Nor deems he wiser him, who gives his noon

To Miss, the Mercer's plague, from shop to shop
Wandering, and littering with unfolded silks
The polished counter, and approving none,
Or promising with smiles to call again.
Nor him, who by his vanity seduced
And soothed into a dream that he discerns
The difference of a Guido from a daub,
Frequents the crowded auction. Station'd there
As duly as the Langford of the show,
With glass at eye, and catalogue in hand,
And tongue accomplished in the fulsome cant
And pedantry that coxcombs learn with ease,
Oft as the price-deciding hammer falls
He notes it in his book, then raps his box,
Swears 'tis a bargain, rails at his hard fate
That he has let it pass,—but never bids.

Here unmolested, through whatever sign
The sun proceeds, I wander.

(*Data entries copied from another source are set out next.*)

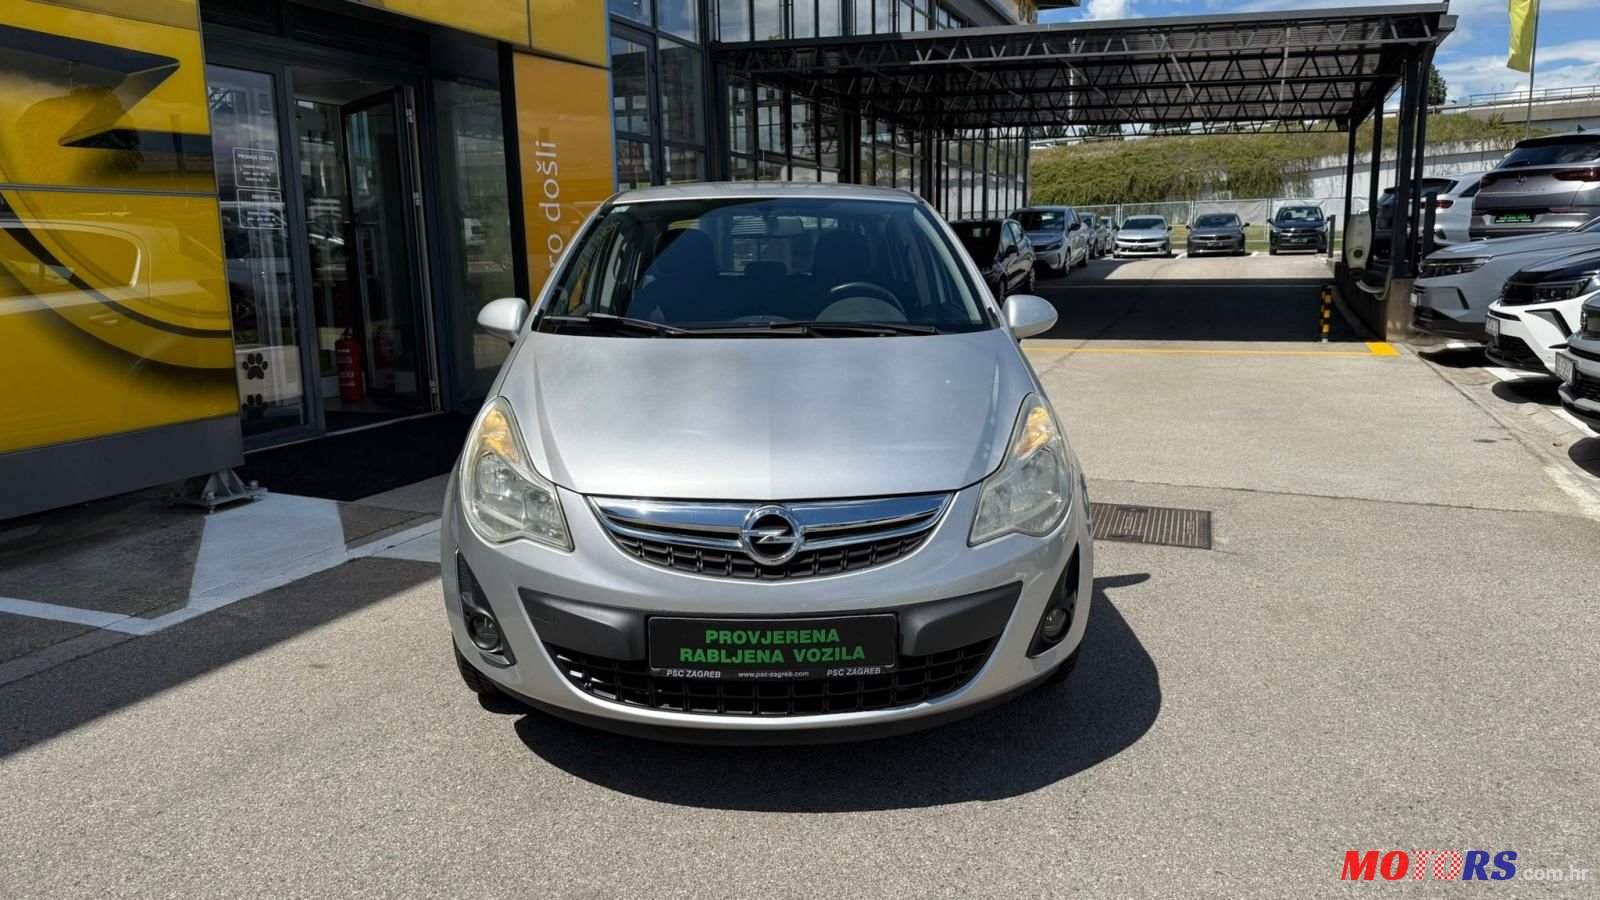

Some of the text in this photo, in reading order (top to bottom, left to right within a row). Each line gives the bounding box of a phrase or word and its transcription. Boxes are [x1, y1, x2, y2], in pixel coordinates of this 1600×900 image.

[535, 141, 561, 222] došli
[705, 628, 840, 645] PROVJERENA
[680, 646, 865, 664] RABLJENA VOZILA
[666, 669, 721, 679] PSC ZAGREB
[738, 670, 810, 679] www.psc-zagreb.com
[826, 667, 881, 677] PSC ZAGREB
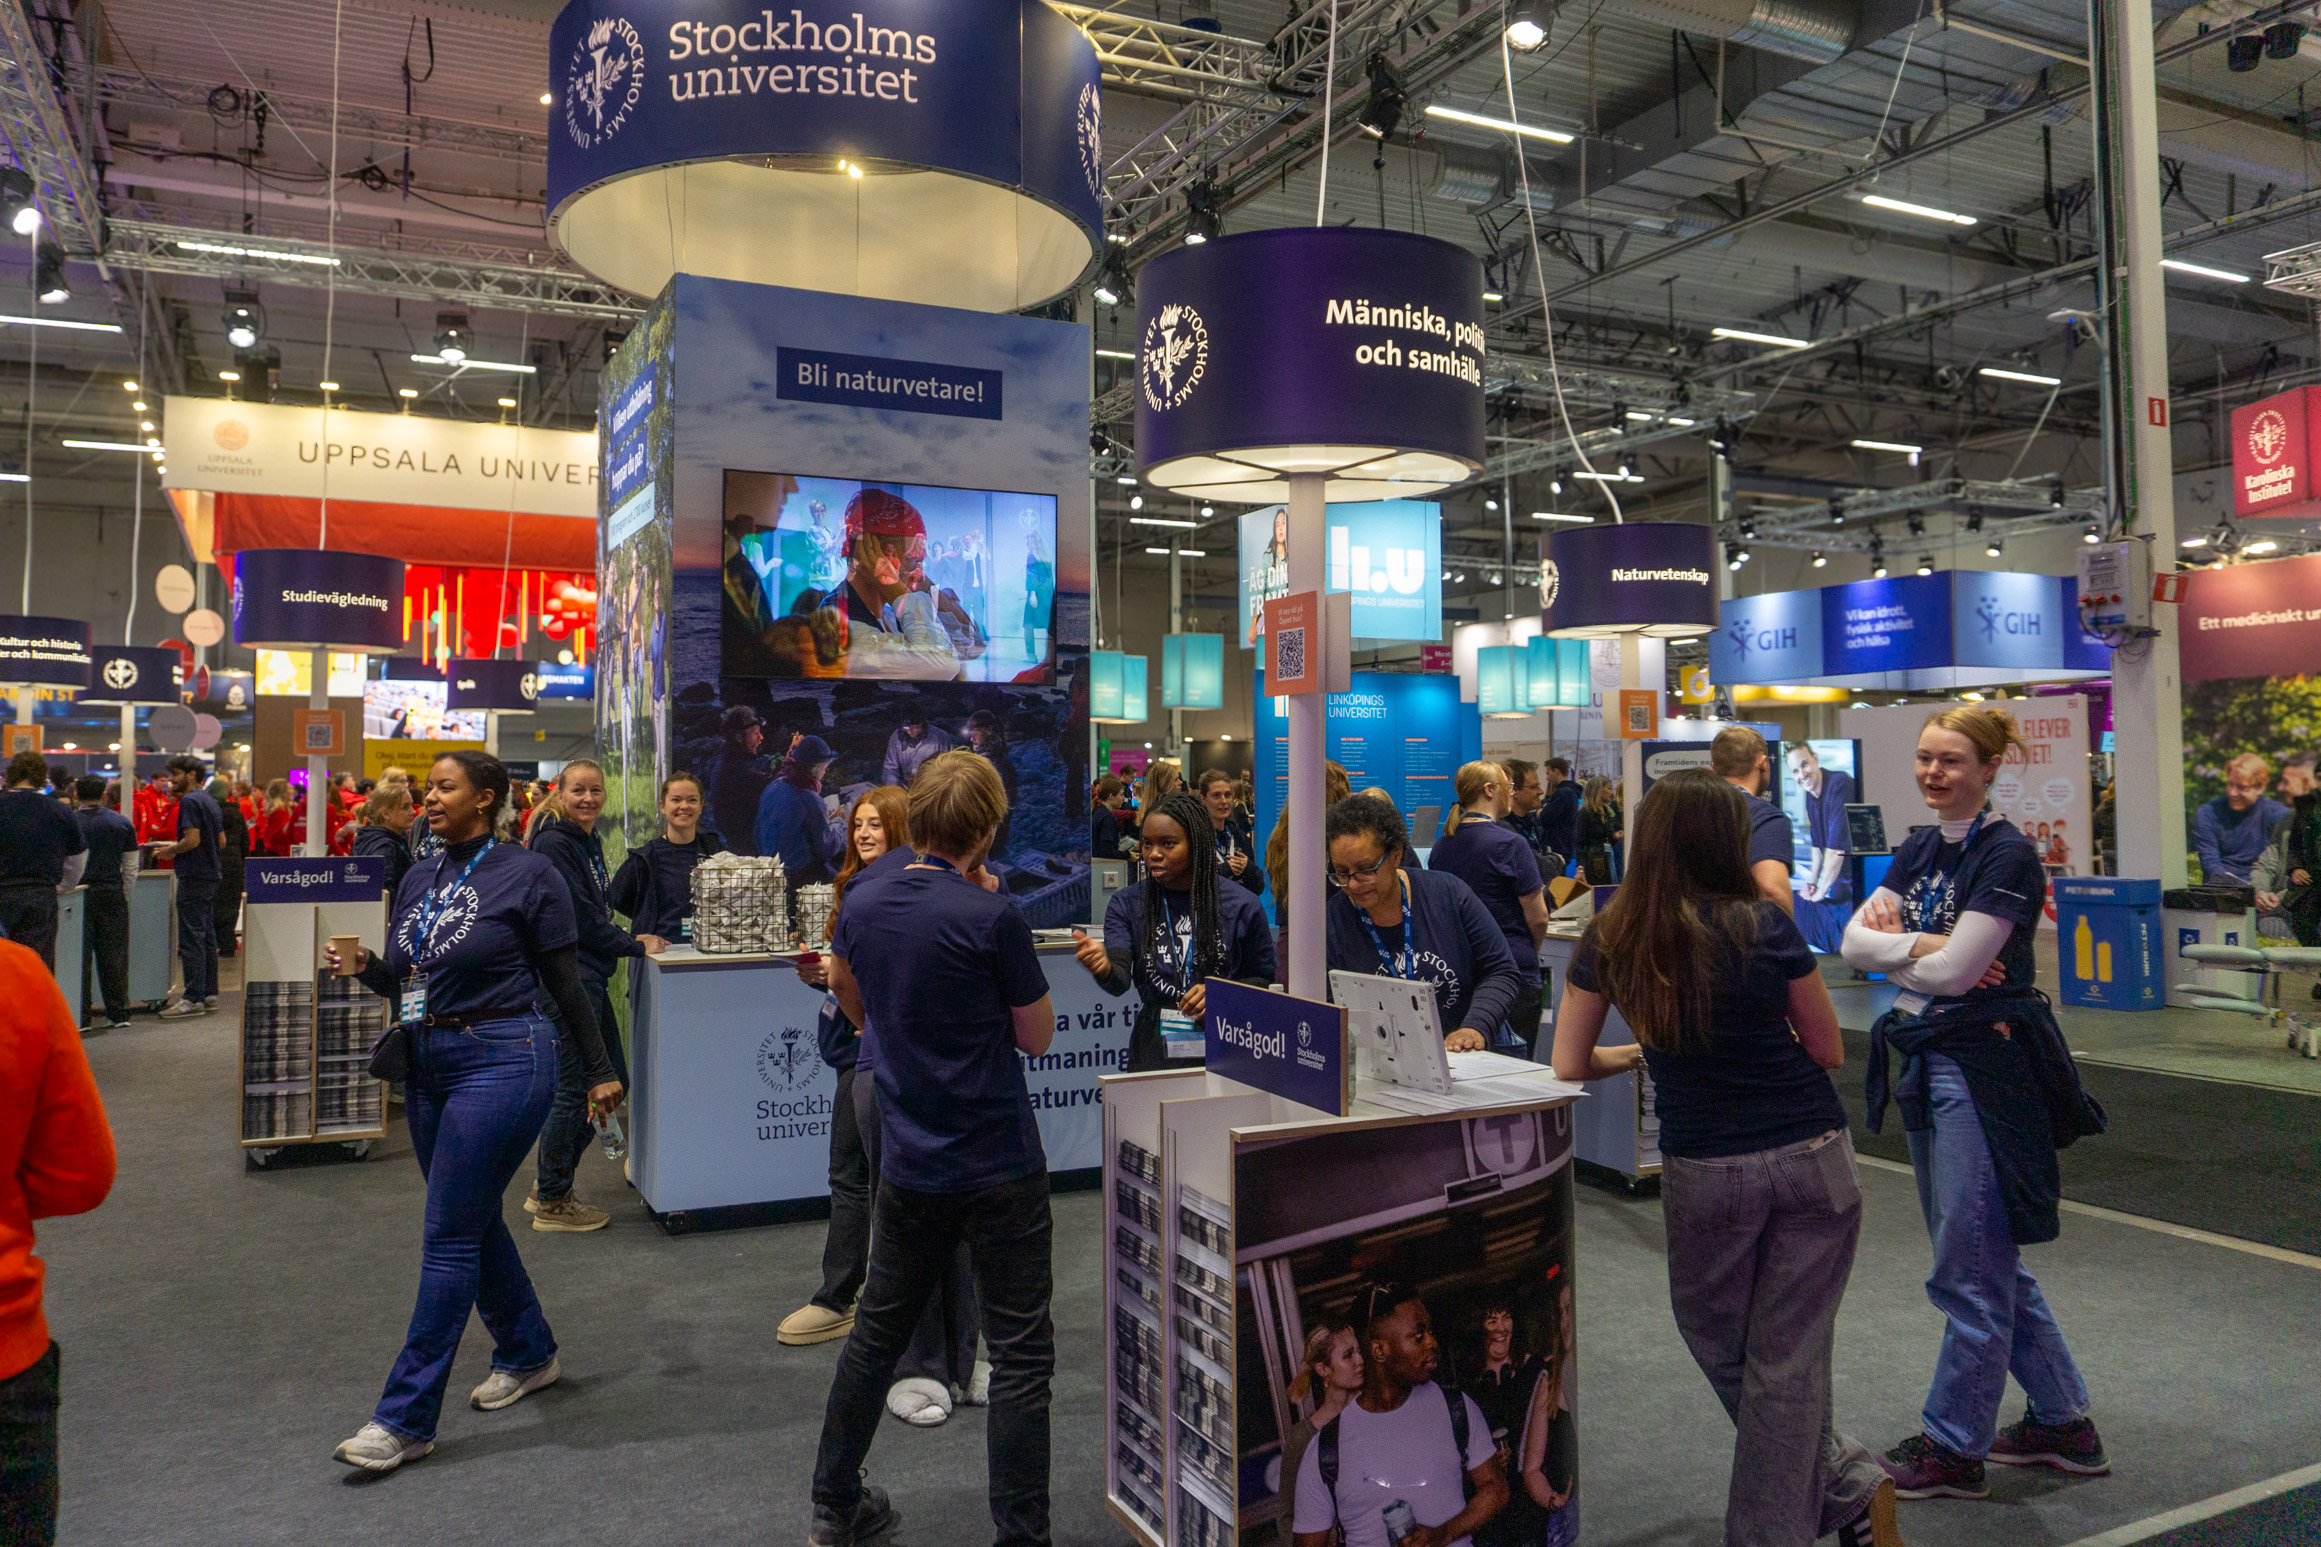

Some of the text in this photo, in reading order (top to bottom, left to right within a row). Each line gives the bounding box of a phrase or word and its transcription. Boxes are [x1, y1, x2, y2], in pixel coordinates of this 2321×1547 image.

[669, 9, 937, 64] Stockholms
[605, 17, 645, 140] STOCKHOLMS
[668, 54, 918, 103] universitet
[566, 37, 590, 149] UNIVERSITET
[1325, 299, 1451, 342] Människa,
[1174, 305, 1208, 407] STOCKHOLMS
[1355, 339, 1481, 387] och samhälle
[797, 362, 984, 403] Bli naturvetare!
[299, 441, 463, 475] UPPSALA
[2244, 464, 2295, 490] Karolinska
[2248, 480, 2293, 503] Institutet
[1249, 566, 1265, 592] ÄG
[1611, 567, 1709, 586] Naturvetenskap
[282, 590, 388, 612] Studievägledning
[2004, 612, 2041, 635] GIH
[2199, 616, 2221, 630] Ett
[2222, 608, 2304, 628] medicinskt
[31, 638, 50, 648] och
[51, 639, 82, 650] historia
[1757, 627, 1797, 651] GIH
[11, 650, 31, 659] och
[1328, 694, 1384, 706] LINKÖPINGS
[1328, 707, 1388, 718] UNIVERSITET
[1655, 758, 1698, 766] Framtidens
[261, 869, 334, 887] Varsågod!
[434, 886, 479, 958] STOCKHOLMS
[1077, 1003, 1116, 1031] vår
[1216, 1015, 1286, 1060] Varsågod!
[1297, 1047, 1326, 1063] Stockholms
[1297, 1056, 1324, 1071] universitet
[757, 1094, 833, 1120] Stockh
[757, 1118, 831, 1141] univer

Neither mist
Nor freezing sky, nor sultry, checking me,
Nor stranger intermeddling with my joy.
Even in the spring and play-time of the year
That calls the unwonted villager abroad
With all her little ones, a sportive train,
To gather king-cups in the yellow mead,
And prink their hair with daisies, or to pick
A cheap but wholesome sallad from the brook,
These shades are all my own.

The timorous hare,

Grown so familiar with her frequent guest,

Scarce shuns me; and the stock-dove unalarm'd
Sits cooing in the pine-tree, nor suspends

His long love-ditty for my near approach.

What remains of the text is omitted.